Now, you may argue that the varying hour lengths and feedback effects would cause chaos. To which I say, yeah, and I'm also curious to see how the weekday cycle interacts with it! So, you in?
Daylight Saving Time, a recurring theme on xkcd, has recently started (in the US, as of this comic's publication). At the time of transition, clocks in (most of) North America are turned an hour forward. People frequently complain about the switch into (and out of) DST, due to it having been invented for the no-longer-relevant cause of saving coal during wartime. One of many complaints is that it will still "feel" like 5 am at 6, or whatever other case. A few days before this comic went up, the United States Senate unanimously passed the Sunshine Protection Act, a proposed law which would permanently abolish the biannual daylight savings adjustment, setting (what was) the local daylight savings time offset as the year-round time zone for all but a handful of states and territories rather than eliminating DST completely. This bill still needs to be debated and passed by the House of Representatives and then signed by the President.
Randall, jumping on this topic, proposes a system that allows everybody to say when it "feels" like 9 am, and then the median 9 am will become the real 9 am. This happens every day. As the title text points out, this would be chaotic and, to put it bluntly, awful.[citation needed]
Presumably the times indicated on this diagram are as the clocks in this time zone would indicate, as opposed to an "ordinary" reference time.
The graph of points seems to follow a normal distribution, with a large number of votes being clustered around a given time, and giving a median of soon after 11AM. There are some extreme outliers, some before 6AM and some after 6PM, indicating some users being outside the normal range but no information on whether it's a malicious attempt.

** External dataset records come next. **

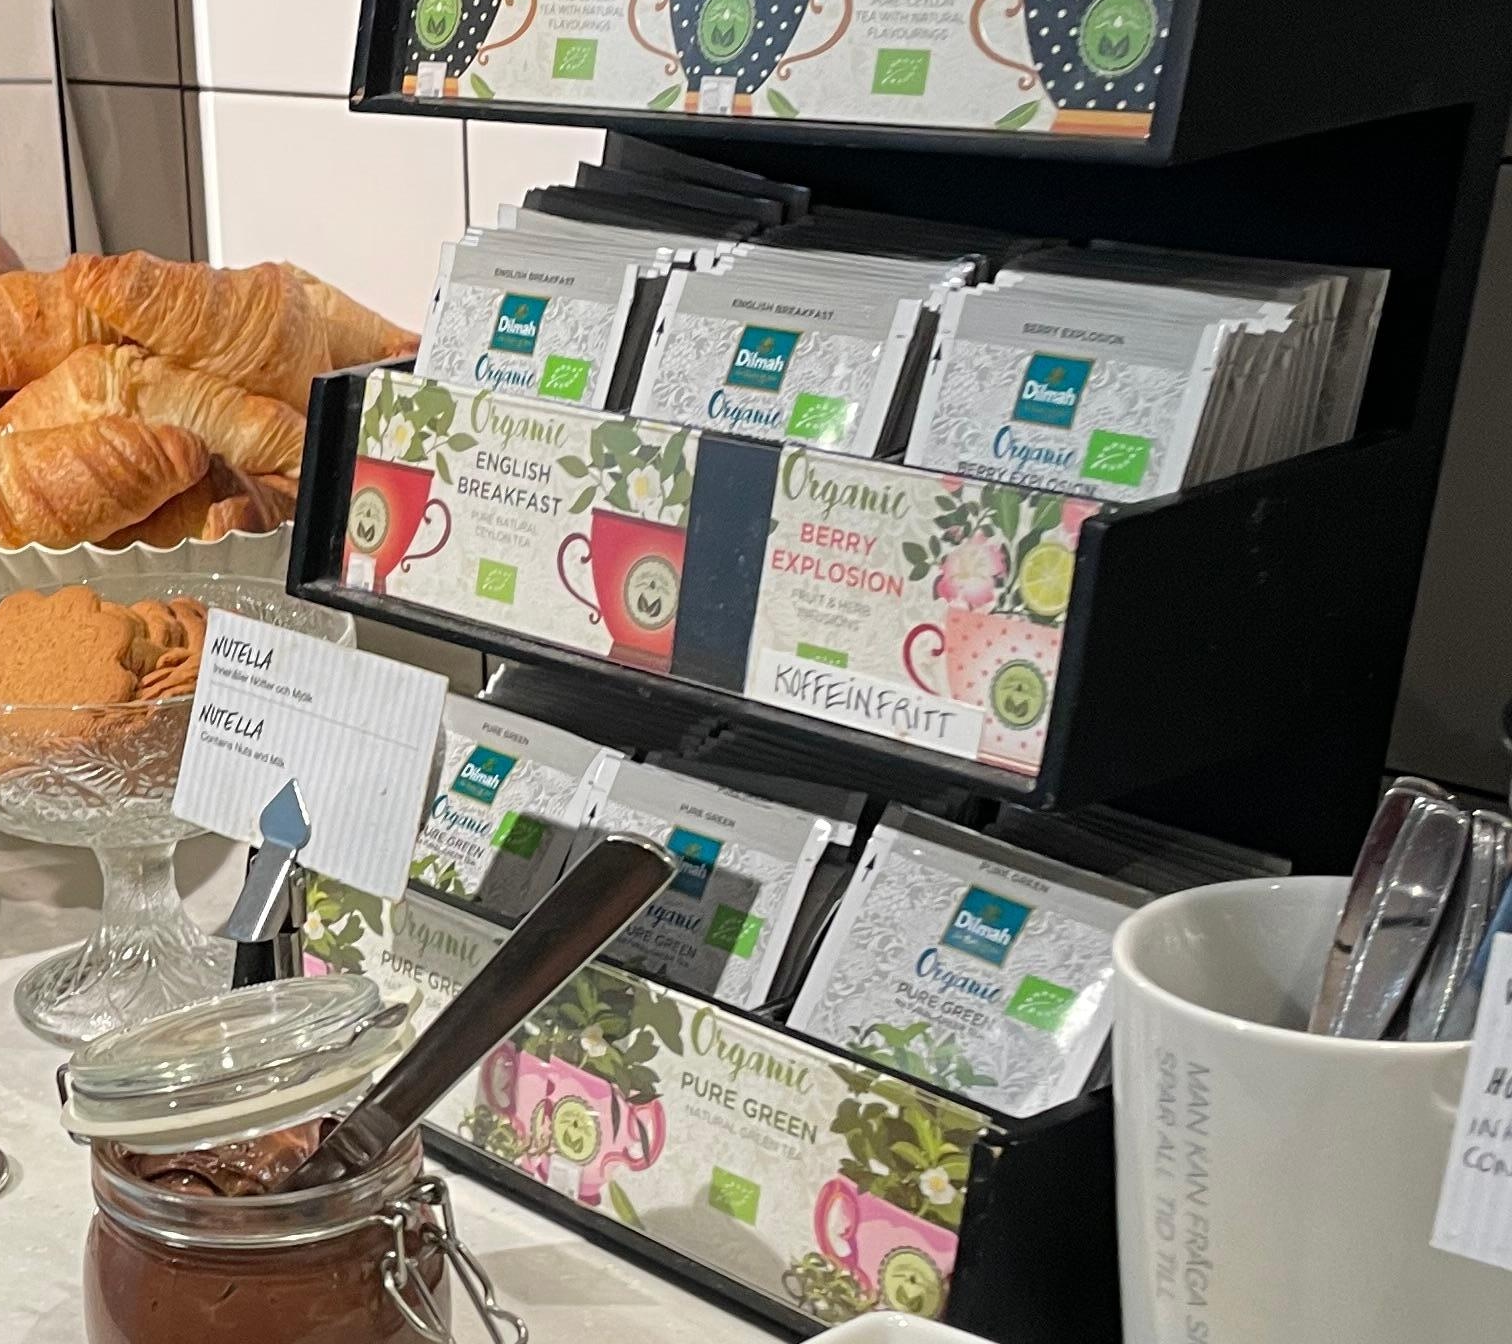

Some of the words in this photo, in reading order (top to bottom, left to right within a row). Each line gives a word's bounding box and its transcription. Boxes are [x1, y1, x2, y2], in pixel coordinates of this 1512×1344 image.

[498, 316, 536, 337] Dilmah
[732, 299, 774, 312] ENGLISH
[775, 305, 834, 321] BREAKFAST
[1023, 322, 1058, 338] BERRY
[475, 353, 535, 390] Organic
[736, 349, 785, 372] Dilmah
[708, 389, 781, 429] Organic
[1023, 380, 1077, 406] Dilmah
[471, 389, 567, 451] Organic
[994, 425, 1075, 471] Organic
[476, 451, 552, 484] ENGLISH
[782, 448, 912, 520] Organic
[457, 476, 562, 516] BREAKFAST
[800, 522, 878, 555] BERRY
[771, 549, 905, 597] EXPLOSION
[211, 636, 274, 671] NUTELLA
[774, 664, 957, 738] KOFFEINFRITT
[199, 703, 264, 741] NUTELLA
[482, 722, 501, 737] PURE
[462, 763, 500, 790] Dilmah
[424, 824, 444, 843] URE
[431, 794, 493, 836] Organic
[680, 803, 703, 819] PURE
[704, 811, 736, 828] GREEN
[646, 904, 702, 933] rganic
[955, 910, 1011, 946] Dilmah
[381, 950, 426, 983] PURE
[428, 972, 463, 997] GRE
[916, 948, 1003, 1004] Organic
[897, 982, 938, 1009] PURE
[691, 1006, 814, 1095] Organic
[681, 1072, 737, 1110] PURE
[743, 1098, 818, 1145] GREEN
[1186, 1060, 1211, 1137] MAN
[1185, 1139, 1209, 1206] KAN
[1185, 1211, 1213, 1307] FRÅGA

Although the hours between midnight and 9 am are labelled as "longer" (which we can assume means each would take longer than an hour of ordinary time to pass) the effect on the remaining hours is left unstated. If we assume that the remaining hours pass at the usual rate then this would suggest that midnight would come sooner or later than normal and hence the next vote would occur sooner or later respectively. This implies the time in this time zone could drift further than a day (or even multiple days) from existing time-zones which could be what is meant by "feedback", "chaos" and the effect on weekdays mentioned in the title text.